Technologically, modern man does everything he can do-he functions on this single boundary principle. Modern man, seeing himself as autonomous, with no personal-infinite God who has spoken, has no adequate universal to supply an adequate second boundary condition; and man being fallen is not only finite, but sinful. Thus man's pragmatically made choices have no reference point beyond human egotism. It is dog eat dog, man eat man, man eat nature.
... these are the two factors that lead to the destruction of our environment: money and time-or to say it another way, greed and haste. The question is, or seems to be, are we going to have an immediate profit and an immediate saving of time, or are we going to do what we really should do as God's children?

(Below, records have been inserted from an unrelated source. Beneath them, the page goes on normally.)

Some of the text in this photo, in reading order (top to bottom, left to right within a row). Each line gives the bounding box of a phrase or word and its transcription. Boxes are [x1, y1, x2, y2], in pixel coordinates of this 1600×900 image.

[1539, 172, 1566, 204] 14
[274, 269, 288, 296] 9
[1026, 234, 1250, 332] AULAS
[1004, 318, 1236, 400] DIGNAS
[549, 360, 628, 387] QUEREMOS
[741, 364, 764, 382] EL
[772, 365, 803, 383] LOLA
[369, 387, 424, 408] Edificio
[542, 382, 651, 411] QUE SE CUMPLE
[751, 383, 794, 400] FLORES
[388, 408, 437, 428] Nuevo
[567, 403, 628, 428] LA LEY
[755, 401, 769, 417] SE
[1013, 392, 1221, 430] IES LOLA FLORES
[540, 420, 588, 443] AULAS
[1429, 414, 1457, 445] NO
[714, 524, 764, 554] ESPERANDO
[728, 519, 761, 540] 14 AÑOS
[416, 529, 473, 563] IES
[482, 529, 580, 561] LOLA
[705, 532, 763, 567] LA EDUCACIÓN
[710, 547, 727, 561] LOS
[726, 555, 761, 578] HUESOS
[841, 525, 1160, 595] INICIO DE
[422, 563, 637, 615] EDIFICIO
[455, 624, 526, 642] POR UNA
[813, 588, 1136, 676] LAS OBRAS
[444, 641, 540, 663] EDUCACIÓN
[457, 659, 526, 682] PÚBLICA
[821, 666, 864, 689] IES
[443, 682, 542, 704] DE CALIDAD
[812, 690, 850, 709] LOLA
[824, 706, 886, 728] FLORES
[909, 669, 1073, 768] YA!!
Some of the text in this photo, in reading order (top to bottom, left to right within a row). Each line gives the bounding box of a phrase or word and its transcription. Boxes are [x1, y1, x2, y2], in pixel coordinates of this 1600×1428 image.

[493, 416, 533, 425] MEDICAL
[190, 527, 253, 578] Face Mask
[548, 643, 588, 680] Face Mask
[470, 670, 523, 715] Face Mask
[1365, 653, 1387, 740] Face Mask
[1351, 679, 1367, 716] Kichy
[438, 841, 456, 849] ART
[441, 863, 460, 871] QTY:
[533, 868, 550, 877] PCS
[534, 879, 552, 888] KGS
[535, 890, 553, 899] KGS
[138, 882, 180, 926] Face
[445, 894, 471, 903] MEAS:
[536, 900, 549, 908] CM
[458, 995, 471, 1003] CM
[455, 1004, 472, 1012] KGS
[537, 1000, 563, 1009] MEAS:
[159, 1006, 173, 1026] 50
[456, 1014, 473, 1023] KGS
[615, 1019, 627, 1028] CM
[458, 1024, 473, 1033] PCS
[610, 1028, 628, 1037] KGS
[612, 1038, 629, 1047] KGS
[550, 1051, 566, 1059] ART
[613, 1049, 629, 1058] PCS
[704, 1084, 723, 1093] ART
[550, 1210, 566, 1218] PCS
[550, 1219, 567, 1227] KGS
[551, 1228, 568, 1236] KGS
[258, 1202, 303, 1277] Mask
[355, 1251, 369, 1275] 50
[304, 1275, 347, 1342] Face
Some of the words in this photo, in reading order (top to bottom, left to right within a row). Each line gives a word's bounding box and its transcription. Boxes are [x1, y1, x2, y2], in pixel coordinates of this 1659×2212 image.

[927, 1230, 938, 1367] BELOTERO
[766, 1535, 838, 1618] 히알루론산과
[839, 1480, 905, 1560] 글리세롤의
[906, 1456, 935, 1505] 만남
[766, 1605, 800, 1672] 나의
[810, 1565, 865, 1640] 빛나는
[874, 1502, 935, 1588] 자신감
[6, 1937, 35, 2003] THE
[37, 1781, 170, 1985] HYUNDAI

Christians, of all people, should not be destroyers. We should treat nature with an overwhelming respect. We may cut down a tree to build a house, or to make a fire to keep the family warm. But we should not cut down the tree just to cut down the tree. We may, if necessary, bark the cork tree in order to have the use of the bark. But what we should not do is to bark the tree simply for the sake of doing so, and let it dry and stand there a dead skeleton in the wind. To do so is not to treat the tree with integrity.
We have the right to rid our houses of ants; but what we have no right to do is to forget to honor the ant as God made it, out in the place where God made the ant to be. When we meet the ant on the sidewalk, we step over him. He is a creature, like ourselves; not made in the image of God, it is true, but equal with man as far as creation is concerned. The ant and the man are both creatures.